WHAT YOU HAVE TO DO: Output every record verbatim, and omit each picture.

RECORDS FOR THE TASK:
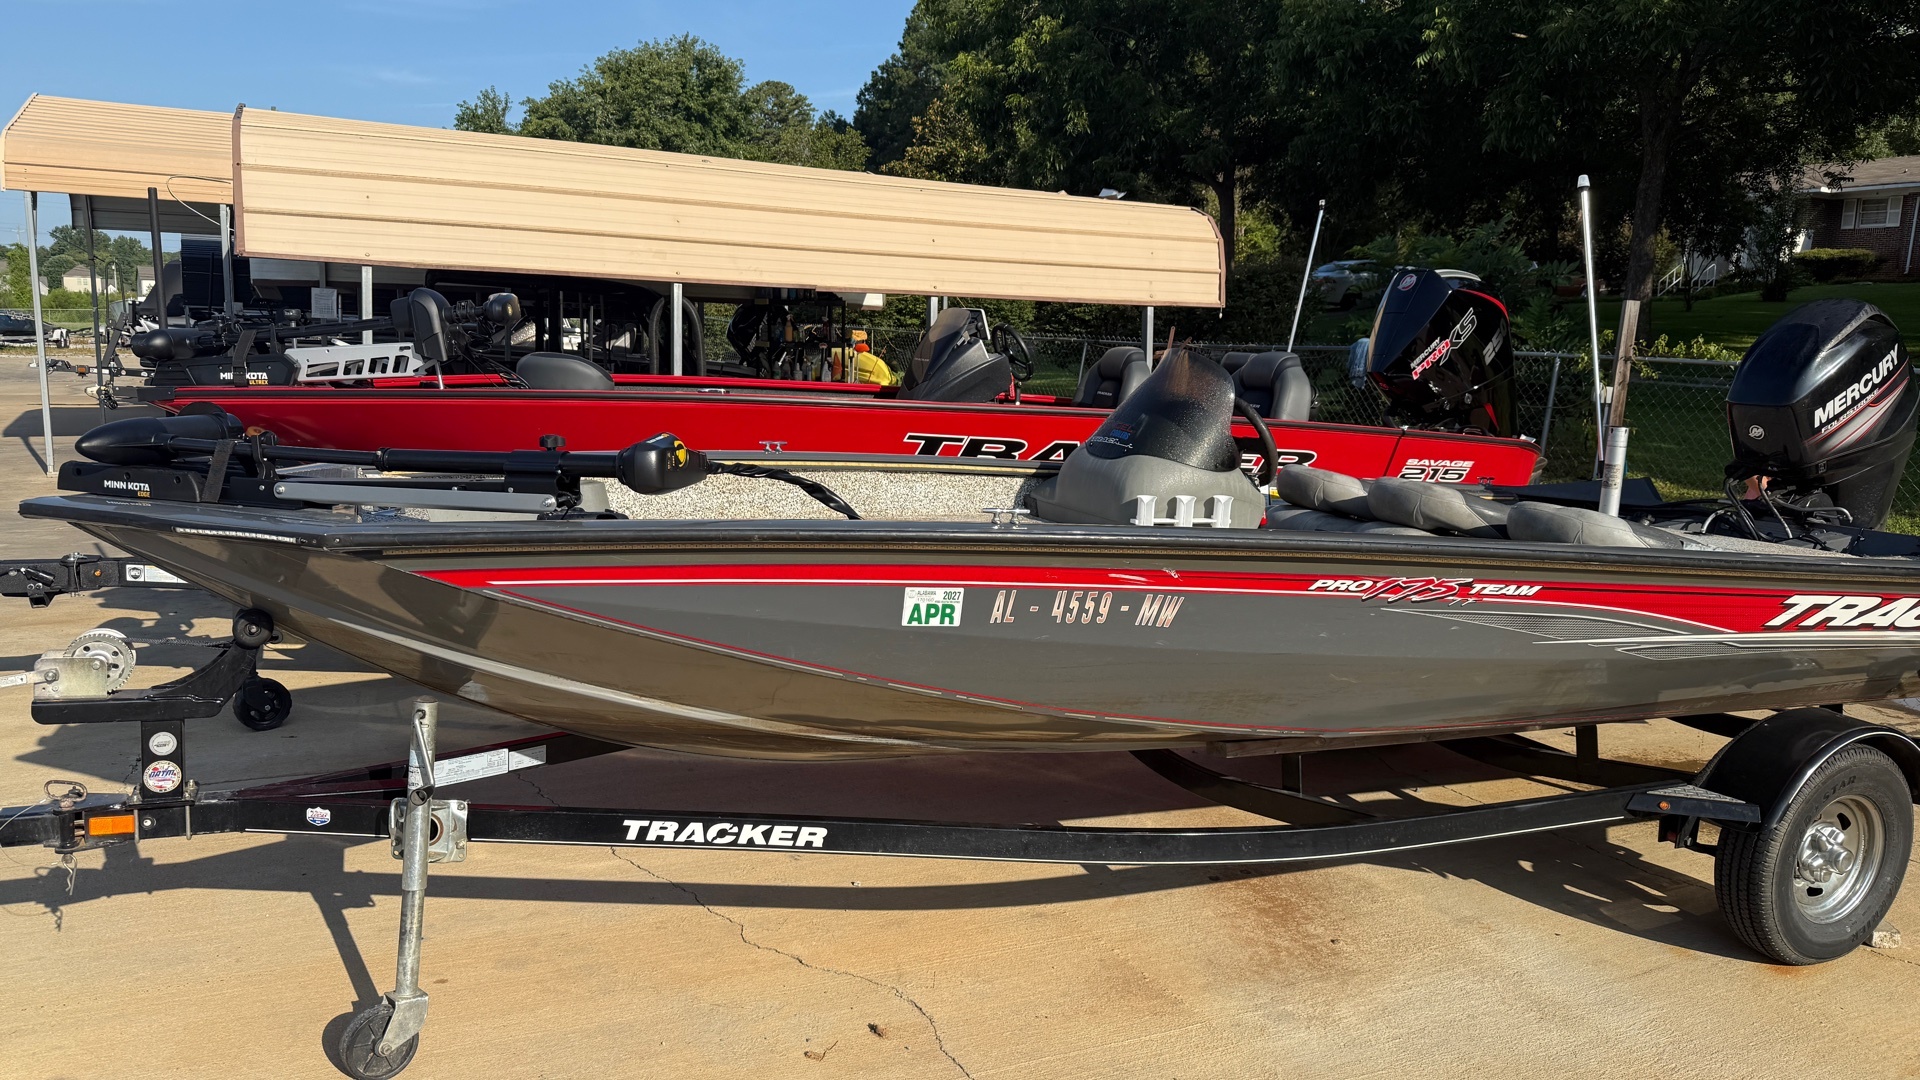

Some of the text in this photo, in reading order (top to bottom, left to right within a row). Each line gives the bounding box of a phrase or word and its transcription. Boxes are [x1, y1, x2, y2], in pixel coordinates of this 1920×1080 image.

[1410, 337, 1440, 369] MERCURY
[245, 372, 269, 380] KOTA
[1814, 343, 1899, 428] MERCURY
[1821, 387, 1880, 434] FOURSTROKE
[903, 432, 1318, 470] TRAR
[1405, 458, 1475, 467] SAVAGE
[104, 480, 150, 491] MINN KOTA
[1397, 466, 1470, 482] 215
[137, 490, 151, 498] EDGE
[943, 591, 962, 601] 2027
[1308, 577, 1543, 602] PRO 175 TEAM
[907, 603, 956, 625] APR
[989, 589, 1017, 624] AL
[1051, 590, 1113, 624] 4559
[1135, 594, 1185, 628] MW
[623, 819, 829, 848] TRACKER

EXERCISE RESPONSE:
Some of the text in this photo, in reading order (top to bottom, left to right within a row). Each line gives the bounding box of a phrase or word and its transcription. Boxes are [x1, y1, x2, y2], in pixel coordinates of this 1920×1080 image.

[1410, 337, 1440, 369] MERCURY
[245, 372, 269, 380] KOTA
[1814, 343, 1899, 428] MERCURY
[1821, 387, 1880, 434] FOURSTROKE
[903, 432, 1318, 470] TRAR
[1405, 458, 1475, 467] SAVAGE
[104, 480, 150, 491] MINN KOTA
[1397, 466, 1470, 482] 215
[137, 490, 151, 498] EDGE
[943, 591, 962, 601] 2027
[1308, 577, 1543, 602] PRO 175 TEAM
[907, 603, 956, 625] APR
[989, 589, 1017, 624] AL
[1051, 590, 1113, 624] 4559
[1135, 594, 1185, 628] MW
[623, 819, 829, 848] TRACKER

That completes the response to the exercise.